Bass is a frustrated man, and rightly so. The casual destruction of nature ought to put fire in the belly. The trouble is that in Fiber, Bass has become so overheated as to dismiss his craft—and furthermore to engage in some rather sophomoric philosophizing, not to mention some uncharacteristically poor writing. Let it be said that Bass is aware of this problem and toward the end of the book offers something of an apology: He was angry; he vented. But let it also be said that he did so inartistically and that he argues that his messy pronouncements are somehow more real and pressing than cultivated efforts. What a perfect opportunity to review why this old saw won’t cut wood.

The first hint of trouble comes early, when we discover that Bass is playing an ontological shell game and taking it seriously. He is so bitter that his earlier fine writing hasn’t yet prevented the destruction of the Yaak Valley that he turns against writing: “[Y]ou tell me which is more real: an idea…or a hundred-inch, 250-pound green juicy fir on one’s mortal shoulder.” Later, he raises the stakes: “What story, what painting, does one offer up to refute Bosnia, Somalia, the Holocaust, Chechnya, China, Afghanistan, or Washington, D.C.?”

Here is the answer to the first question: Both are real, in the sense of the word Bass intends, which is to say that both ideas and logs affect people’s lives with force. (Bass does not intrude upon the related debate between philosophical idealism, materialism, and dualism proper, and so it can be left for another day.) Such a non sequitur is especially debilitating where Fiber is concerned, because it undermines Bass’s project to save the Yaak Valley—an effort that involves, after all, a war of ideas.

It is easy to see how this is so. Are axes destroying the Yaak Valley of their own accord, assembling against the trees because of some as yet unknown molecular reaction, and having at them? But if we acknowledge that it is really people who are responsible for the damage, not axes, we might further ask why. I suspect that Bass would stand against the proposition that people are hacking away at the Yaak Valley merely for their survival. He would instead invoke an argument involving what he calls “hypercapitalism” and insist that greed and a consumer society that confuses needs with wants is to blame. And just what has manipulated our society to become so perverse? Whence the confusion between security and greed? My hunch would be that there is an idea or two in that woodpile.

The late Richard M. Weaver wrote a book titled Ideas Have Consequences. Anyone who has lived under the horrific tyranny of Communism or Nazism would agree. So much for Bass’ ideas about logs.

As to the second question, the answer is that there are indeed works of art to be offered in the face of suffering. I am not suggesting that art justifies suffering, but whereas Bass thinks art scant shelter from a storm of pain, many who have suffered terribly would vehemently disagree.

There have been numerous examples down through the ages, but I’ll mention only one: Aleksander Wat, the Polish poet, editor, and literary critic, spent years in Soviet prisons and was eventually deported to Soviet Asia. I take it his experience qualifies as having a bad time of it. Here are a few of Wat’s observations concerning literature and suffering, taken from an essay titled “Reading Proust in Lubyanka”:

[T]he books I read in Lubyanka made for one of the greatest experiences in my life. Not because they allowed me an escape but because, to a certain extent, they transformed me….

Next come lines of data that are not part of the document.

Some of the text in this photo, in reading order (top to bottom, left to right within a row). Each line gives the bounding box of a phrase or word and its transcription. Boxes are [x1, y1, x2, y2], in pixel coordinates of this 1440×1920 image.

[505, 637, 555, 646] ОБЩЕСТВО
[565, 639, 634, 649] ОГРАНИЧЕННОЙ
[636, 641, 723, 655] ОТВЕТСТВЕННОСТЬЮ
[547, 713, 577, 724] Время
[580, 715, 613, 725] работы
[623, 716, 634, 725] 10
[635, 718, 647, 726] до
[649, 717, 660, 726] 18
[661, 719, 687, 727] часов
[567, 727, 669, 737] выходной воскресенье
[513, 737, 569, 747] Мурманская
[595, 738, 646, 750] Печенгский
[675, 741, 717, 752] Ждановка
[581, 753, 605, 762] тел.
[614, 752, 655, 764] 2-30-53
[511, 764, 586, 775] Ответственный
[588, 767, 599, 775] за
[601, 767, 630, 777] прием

Literature is insights and synthesis, which means that poetry, ultimately, is heroic. Naked, weak, hungry, trembling, endangered by all the elements, all the beasts and demons, the caveman performed an act of heroism for consolation, in the deepest sense of the word. And at that time there in Lubyanka this seemed to me the essence of literature and the source of its legitimacy in the world.

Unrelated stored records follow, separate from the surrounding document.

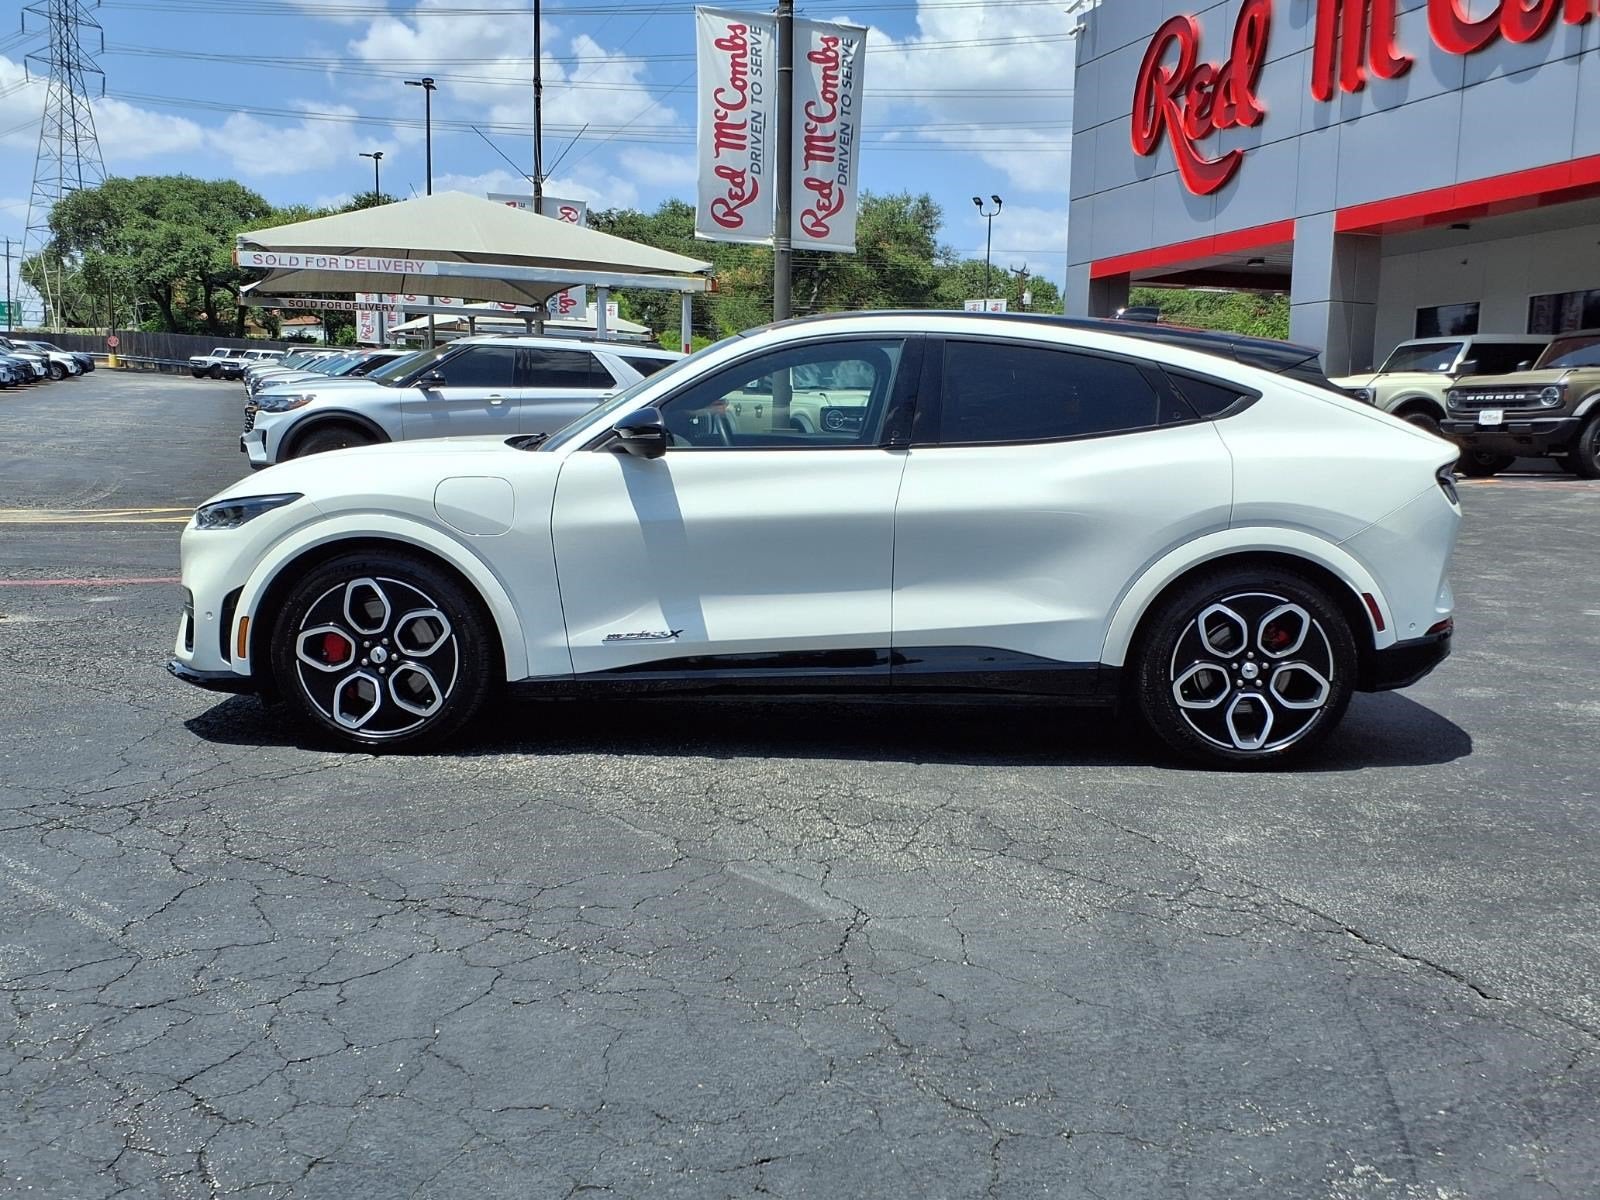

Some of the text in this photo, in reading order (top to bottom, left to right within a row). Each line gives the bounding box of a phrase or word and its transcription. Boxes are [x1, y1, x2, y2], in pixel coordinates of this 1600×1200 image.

[710, 24, 758, 228] Red McCombs
[750, 25, 763, 175] DRIVEN TO SERVE
[800, 36, 844, 238] Red McCombs
[838, 38, 853, 186] DRIVEN TO SERVE
[1131, 0, 1271, 195] Red
[252, 253, 425, 273] SOLD FOR DELIVERY
[288, 299, 396, 312] SOLD FOR DELIVERY

Taken together, Bass’ notions—that ideas are less important than physical objects and that art is an insultingly inadequate response to late-20th-century deprivations—lead to a third problem with Fiber. The book is not only bereft of sense, it is bereft of sensibility. Why trouble to write well when writing doesn’t matter? That is why we get:

Plum Creek owns the plug, the cork, to the bottleneck—these lands were given away by Congress more than a hundred years ago—and so now the situation is that one man—one human, more heroic than any artist or group of artists ever dreamed of being—will either do the right thing, and protect the land, or the wrong thing, and strangle the last wildness.

Bass should have strangled that sentence before it snaked out to strangle his readers. The man in question, by the way, is the developer. How he is to be heroic we are not told. A strict reading suggests he is “more heroic than any artist or group of artists ever dreamed of being” regardless of his actions toward the land. Maybe he’ll set all of Montana afire. Still, he’ll be heroic. I do not think this is what Bass intended to suggest, but I am left only with a petulant and confusing statement.

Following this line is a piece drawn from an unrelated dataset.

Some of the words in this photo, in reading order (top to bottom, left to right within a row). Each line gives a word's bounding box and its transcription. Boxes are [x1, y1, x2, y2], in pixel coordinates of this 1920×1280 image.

There’s more. Here is Bass asking us

to get President Clinton’s attention: “Somebody help. Please help the Yaak. Put this story in the President’s,

or Vice President’s, hands. Or read it aloud to one of them by firelight on a snowy evening with a cup of cider within reach,

resting on an old wooden table.”

A spoonful of sugar may help the medicine go down, but it only does damage where writing is concerned. I can appreciate the fear that President Clinton, though an extraordinarily bright man, may be an extraordinarily unliterary man. But even a reader of spy novels and sappy motivational books demands something more bracing than the treacle Bass has offered.

Bass is one of our better writers—which makes Fiber all the more disappointing. It’s not so much that he’s written a negligible book—almost all great writers do so in the course of their careers. It’s that, if the book is to be taken seriously, Bass has lost his way. Flailing about in this manner, he offers harsh criticism of contemporary art: “I read such shit, and see such shit paintings, that I want to gag; one could spray one’s vomit across the canvas and more deeply affect or touch the senses—what remains of them—than the things that are spewing out into the culture now.”

Though I agree with this assessment (I do, however, regret that Bass has probably given some half-wit performance artist the basic outline for his or her upcoming show), what saddens me is that Bass has chosen to fight merde with merde. It stinks.

Toward the end of the Fiber, Bass asks that we write certain congressmen and senators on behalf of the Yaak Valley. He gives a list of addresses, including the president’s and vice president’s. I hope a lot of people write letters to save the Yaak Valley. But I am here and now starting another letter-writing drive. Because another national treasure is in danger: Mr. Bass himself.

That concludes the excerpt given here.